* _Work task_:
Could you repeat the records below exactly as written?

* _Records for processing_:
----

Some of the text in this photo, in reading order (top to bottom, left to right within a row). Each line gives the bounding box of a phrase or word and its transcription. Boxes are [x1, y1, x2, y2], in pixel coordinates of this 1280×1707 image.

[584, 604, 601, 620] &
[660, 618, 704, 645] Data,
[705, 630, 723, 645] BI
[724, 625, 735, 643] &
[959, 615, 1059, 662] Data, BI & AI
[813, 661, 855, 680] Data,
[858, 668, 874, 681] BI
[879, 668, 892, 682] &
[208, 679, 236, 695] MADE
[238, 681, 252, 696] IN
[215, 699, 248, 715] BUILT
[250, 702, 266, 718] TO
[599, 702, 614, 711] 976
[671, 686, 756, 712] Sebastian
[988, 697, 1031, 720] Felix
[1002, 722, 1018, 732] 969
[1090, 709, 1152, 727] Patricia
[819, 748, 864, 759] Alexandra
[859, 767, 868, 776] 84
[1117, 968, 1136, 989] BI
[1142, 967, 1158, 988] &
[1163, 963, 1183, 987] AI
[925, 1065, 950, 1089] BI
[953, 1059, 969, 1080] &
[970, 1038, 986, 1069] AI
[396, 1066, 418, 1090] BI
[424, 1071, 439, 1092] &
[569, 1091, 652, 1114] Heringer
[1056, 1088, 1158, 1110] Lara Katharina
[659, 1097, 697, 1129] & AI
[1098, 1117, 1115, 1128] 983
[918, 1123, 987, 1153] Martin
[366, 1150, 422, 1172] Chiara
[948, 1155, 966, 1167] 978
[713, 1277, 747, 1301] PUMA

----

* _Reply to the exercise_:
Some of the text in this photo, in reading order (top to bottom, left to right within a row). Each line gives the bounding box of a phrase or word and its transcription. Boxes are [x1, y1, x2, y2], in pixel coordinates of this 1280×1707 image.

[584, 604, 601, 620] &
[660, 618, 704, 645] Data,
[705, 630, 723, 645] BI
[724, 625, 735, 643] &
[959, 615, 1059, 662] Data, BI & AI
[813, 661, 855, 680] Data,
[858, 668, 874, 681] BI
[879, 668, 892, 682] &
[208, 679, 236, 695] MADE
[238, 681, 252, 696] IN
[215, 699, 248, 715] BUILT
[250, 702, 266, 718] TO
[599, 702, 614, 711] 976
[671, 686, 756, 712] Sebastian
[988, 697, 1031, 720] Felix
[1002, 722, 1018, 732] 969
[1090, 709, 1152, 727] Patricia
[819, 748, 864, 759] Alexandra
[859, 767, 868, 776] 84
[1117, 968, 1136, 989] BI
[1142, 967, 1158, 988] &
[1163, 963, 1183, 987] AI
[925, 1065, 950, 1089] BI
[953, 1059, 969, 1080] &
[970, 1038, 986, 1069] AI
[396, 1066, 418, 1090] BI
[424, 1071, 439, 1092] &
[569, 1091, 652, 1114] Heringer
[1056, 1088, 1158, 1110] Lara Katharina
[659, 1097, 697, 1129] & AI
[1098, 1117, 1115, 1128] 983
[918, 1123, 987, 1153] Martin
[366, 1150, 422, 1172] Chiara
[948, 1155, 966, 1167] 978
[713, 1277, 747, 1301] PUMA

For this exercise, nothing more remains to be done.